━━━ Provided data

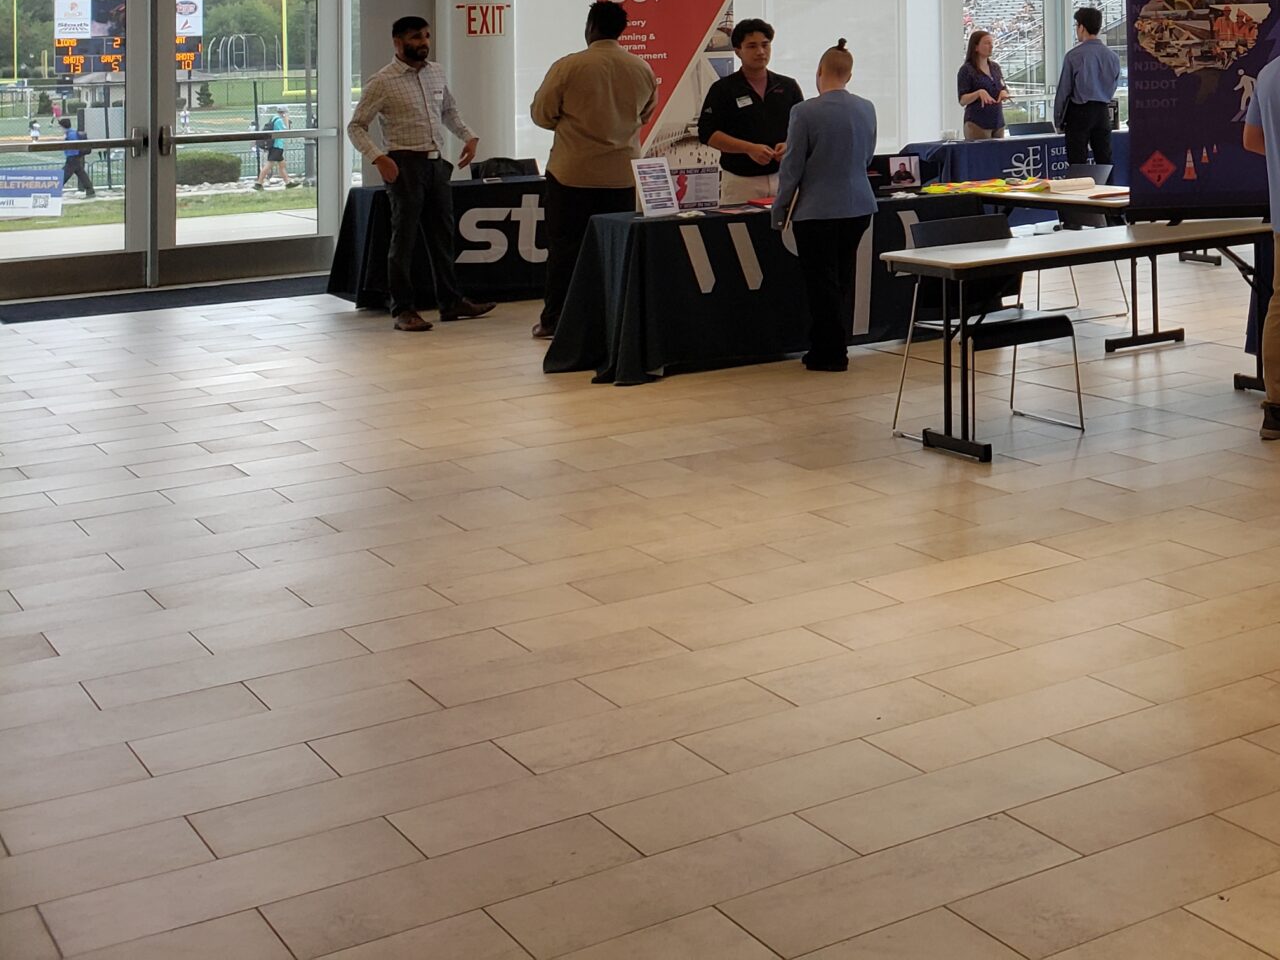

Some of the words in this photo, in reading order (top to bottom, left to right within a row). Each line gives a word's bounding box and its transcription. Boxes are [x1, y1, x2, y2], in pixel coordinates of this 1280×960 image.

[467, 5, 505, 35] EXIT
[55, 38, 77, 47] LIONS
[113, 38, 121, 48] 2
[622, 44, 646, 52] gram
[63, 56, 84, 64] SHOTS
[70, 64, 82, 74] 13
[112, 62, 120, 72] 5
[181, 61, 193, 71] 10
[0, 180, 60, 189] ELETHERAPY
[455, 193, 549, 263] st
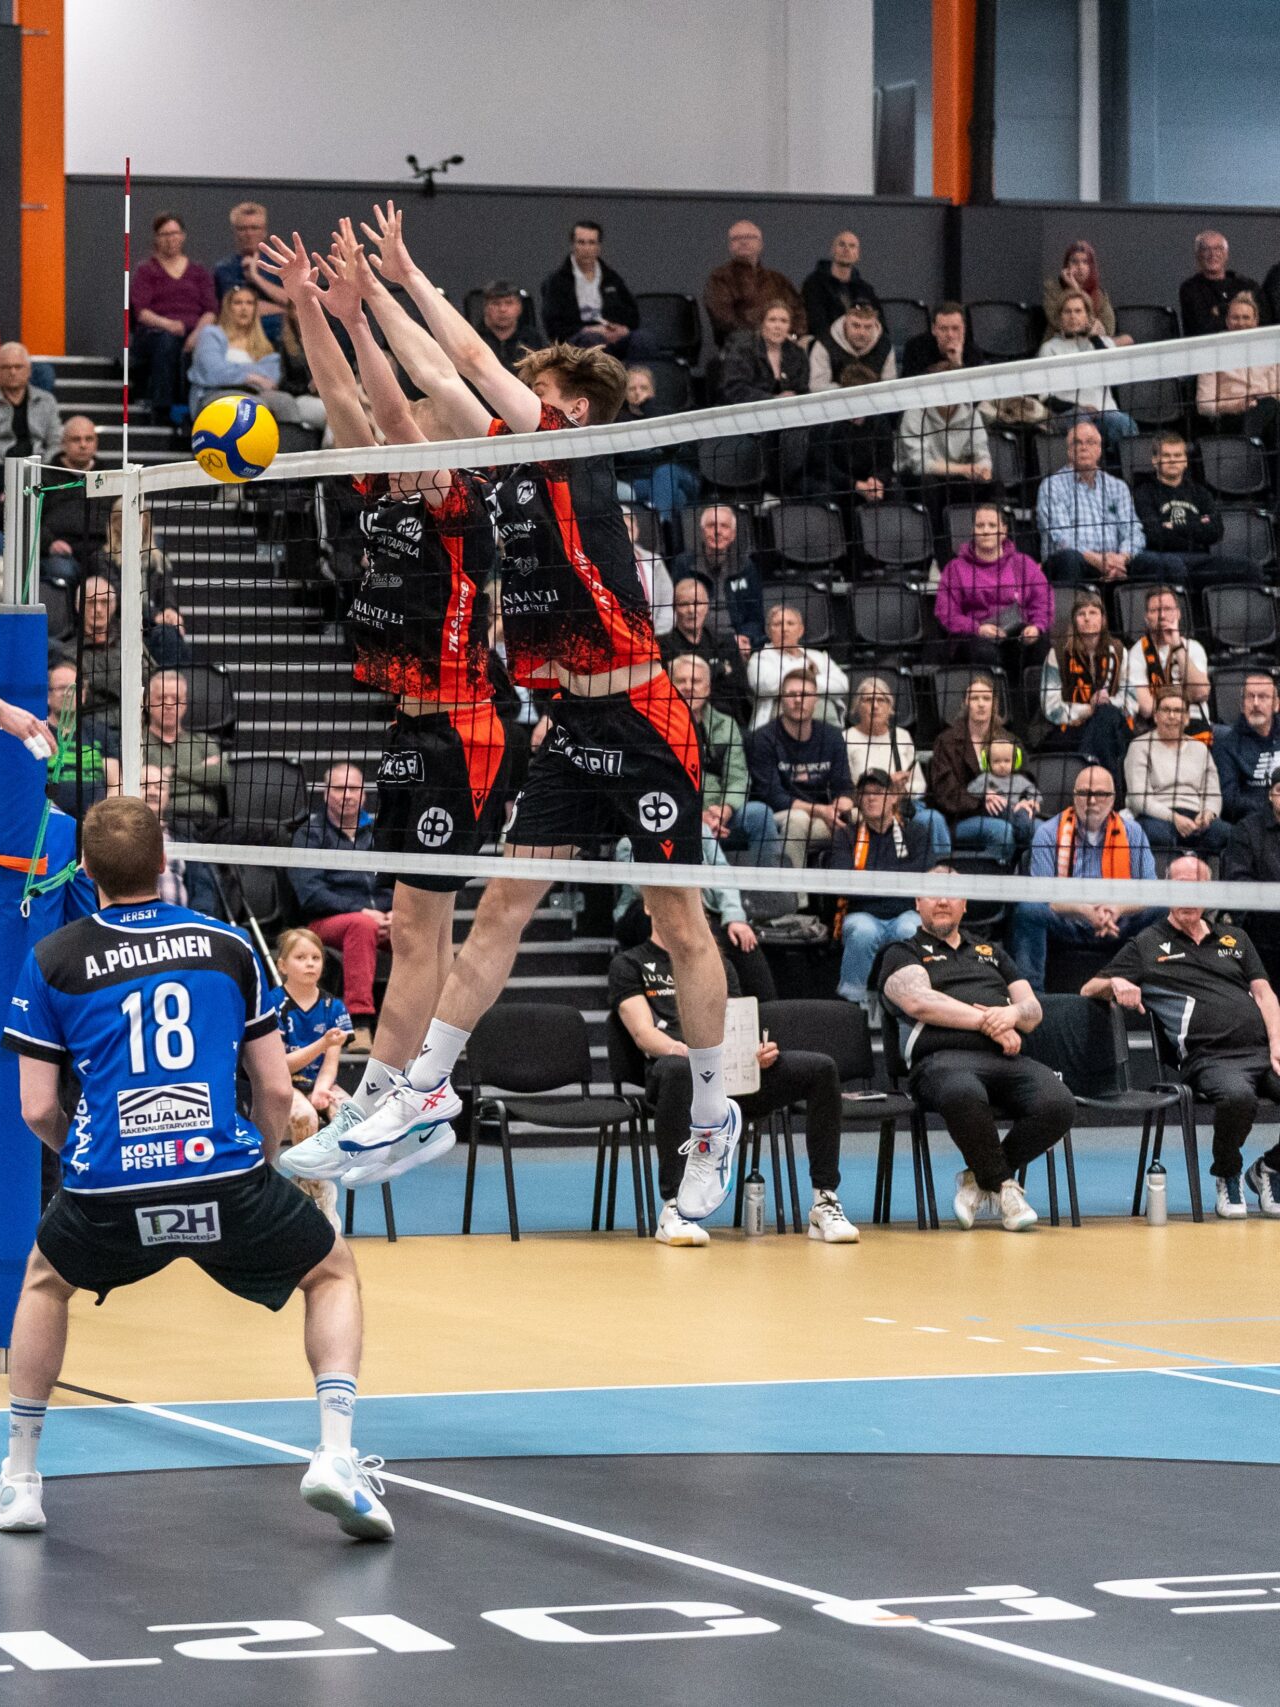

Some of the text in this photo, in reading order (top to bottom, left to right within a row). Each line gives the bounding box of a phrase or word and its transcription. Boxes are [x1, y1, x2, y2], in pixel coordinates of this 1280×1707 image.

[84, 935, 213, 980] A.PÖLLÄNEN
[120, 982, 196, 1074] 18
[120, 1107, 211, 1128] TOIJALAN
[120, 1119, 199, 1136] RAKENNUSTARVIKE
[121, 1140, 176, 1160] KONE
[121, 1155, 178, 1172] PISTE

━━━━━━

The problem: Transcribe every entry word for word, but skip the pictures.

Finished task:
Some of the words in this photo, in reading order (top to bottom, left to right within a row). Each line gives a word's bounding box and its transcription. Boxes are [x1, y1, x2, y2], in pixel coordinates of this 1280×960 image.

[467, 5, 505, 35] EXIT
[55, 38, 77, 47] LIONS
[113, 38, 121, 48] 2
[622, 44, 646, 52] gram
[63, 56, 84, 64] SHOTS
[70, 64, 82, 74] 13
[112, 62, 120, 72] 5
[181, 61, 193, 71] 10
[0, 180, 60, 189] ELETHERAPY
[455, 193, 549, 263] st

Some of the text in this photo, in reading order (top to bottom, left to right within a row). Each line gives the bounding box of a phrase or word and its transcription. Boxes are [x1, y1, x2, y2], in pixel coordinates of this 1280×1707 image.

[84, 935, 213, 980] A.PÖLLÄNEN
[120, 982, 196, 1074] 18
[120, 1107, 211, 1128] TOIJALAN
[120, 1119, 199, 1136] RAKENNUSTARVIKE
[121, 1140, 176, 1160] KONE
[121, 1155, 178, 1172] PISTE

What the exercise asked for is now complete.